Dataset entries
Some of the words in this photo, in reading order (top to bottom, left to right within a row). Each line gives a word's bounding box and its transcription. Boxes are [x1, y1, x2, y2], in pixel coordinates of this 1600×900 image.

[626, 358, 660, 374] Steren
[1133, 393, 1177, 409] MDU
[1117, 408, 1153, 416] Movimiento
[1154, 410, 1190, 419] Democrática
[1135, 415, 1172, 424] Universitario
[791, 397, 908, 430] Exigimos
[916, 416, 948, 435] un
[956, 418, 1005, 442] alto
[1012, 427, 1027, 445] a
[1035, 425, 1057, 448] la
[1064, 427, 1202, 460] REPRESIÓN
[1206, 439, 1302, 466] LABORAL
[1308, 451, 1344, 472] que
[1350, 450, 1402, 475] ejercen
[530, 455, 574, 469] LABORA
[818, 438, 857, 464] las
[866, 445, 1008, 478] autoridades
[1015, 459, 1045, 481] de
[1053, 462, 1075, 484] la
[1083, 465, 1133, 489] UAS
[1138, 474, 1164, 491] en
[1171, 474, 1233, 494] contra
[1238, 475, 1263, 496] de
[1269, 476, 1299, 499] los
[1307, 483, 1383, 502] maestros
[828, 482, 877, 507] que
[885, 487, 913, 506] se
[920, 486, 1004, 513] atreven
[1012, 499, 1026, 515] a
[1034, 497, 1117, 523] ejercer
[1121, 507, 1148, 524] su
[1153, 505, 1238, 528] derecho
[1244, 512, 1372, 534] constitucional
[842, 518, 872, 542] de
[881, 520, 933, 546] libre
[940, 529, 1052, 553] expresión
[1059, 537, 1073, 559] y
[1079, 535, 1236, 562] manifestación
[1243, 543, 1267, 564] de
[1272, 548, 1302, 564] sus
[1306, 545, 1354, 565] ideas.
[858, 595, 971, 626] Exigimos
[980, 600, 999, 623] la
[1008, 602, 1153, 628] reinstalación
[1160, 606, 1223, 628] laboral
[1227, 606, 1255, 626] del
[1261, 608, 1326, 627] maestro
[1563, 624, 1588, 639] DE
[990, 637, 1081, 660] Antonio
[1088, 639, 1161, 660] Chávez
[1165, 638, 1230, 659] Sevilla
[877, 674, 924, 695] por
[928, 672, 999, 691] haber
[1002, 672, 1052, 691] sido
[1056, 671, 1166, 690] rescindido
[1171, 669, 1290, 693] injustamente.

EXERCISE OBJECTIVE => Each line above must be output exactly as it stands.

RESPONSE FOR THIS EXERCISE =>
Some of the words in this photo, in reading order (top to bottom, left to right within a row). Each line gives a word's bounding box and its transcription. Boxes are [x1, y1, x2, y2], in pixel coordinates of this 1600×900 image.

[626, 358, 660, 374] Steren
[1133, 393, 1177, 409] MDU
[1117, 408, 1153, 416] Movimiento
[1154, 410, 1190, 419] Democrática
[1135, 415, 1172, 424] Universitario
[791, 397, 908, 430] Exigimos
[916, 416, 948, 435] un
[956, 418, 1005, 442] alto
[1012, 427, 1027, 445] a
[1035, 425, 1057, 448] la
[1064, 427, 1202, 460] REPRESIÓN
[1206, 439, 1302, 466] LABORAL
[1308, 451, 1344, 472] que
[1350, 450, 1402, 475] ejercen
[530, 455, 574, 469] LABORA
[818, 438, 857, 464] las
[866, 445, 1008, 478] autoridades
[1015, 459, 1045, 481] de
[1053, 462, 1075, 484] la
[1083, 465, 1133, 489] UAS
[1138, 474, 1164, 491] en
[1171, 474, 1233, 494] contra
[1238, 475, 1263, 496] de
[1269, 476, 1299, 499] los
[1307, 483, 1383, 502] maestros
[828, 482, 877, 507] que
[885, 487, 913, 506] se
[920, 486, 1004, 513] atreven
[1012, 499, 1026, 515] a
[1034, 497, 1117, 523] ejercer
[1121, 507, 1148, 524] su
[1153, 505, 1238, 528] derecho
[1244, 512, 1372, 534] constitucional
[842, 518, 872, 542] de
[881, 520, 933, 546] libre
[940, 529, 1052, 553] expresión
[1059, 537, 1073, 559] y
[1079, 535, 1236, 562] manifestación
[1243, 543, 1267, 564] de
[1272, 548, 1302, 564] sus
[1306, 545, 1354, 565] ideas.
[858, 595, 971, 626] Exigimos
[980, 600, 999, 623] la
[1008, 602, 1153, 628] reinstalación
[1160, 606, 1223, 628] laboral
[1227, 606, 1255, 626] del
[1261, 608, 1326, 627] maestro
[1563, 624, 1588, 639] DE
[990, 637, 1081, 660] Antonio
[1088, 639, 1161, 660] Chávez
[1165, 638, 1230, 659] Sevilla
[877, 674, 924, 695] por
[928, 672, 999, 691] haber
[1002, 672, 1052, 691] sido
[1056, 671, 1166, 690] rescindido
[1171, 669, 1290, 693] injustamente.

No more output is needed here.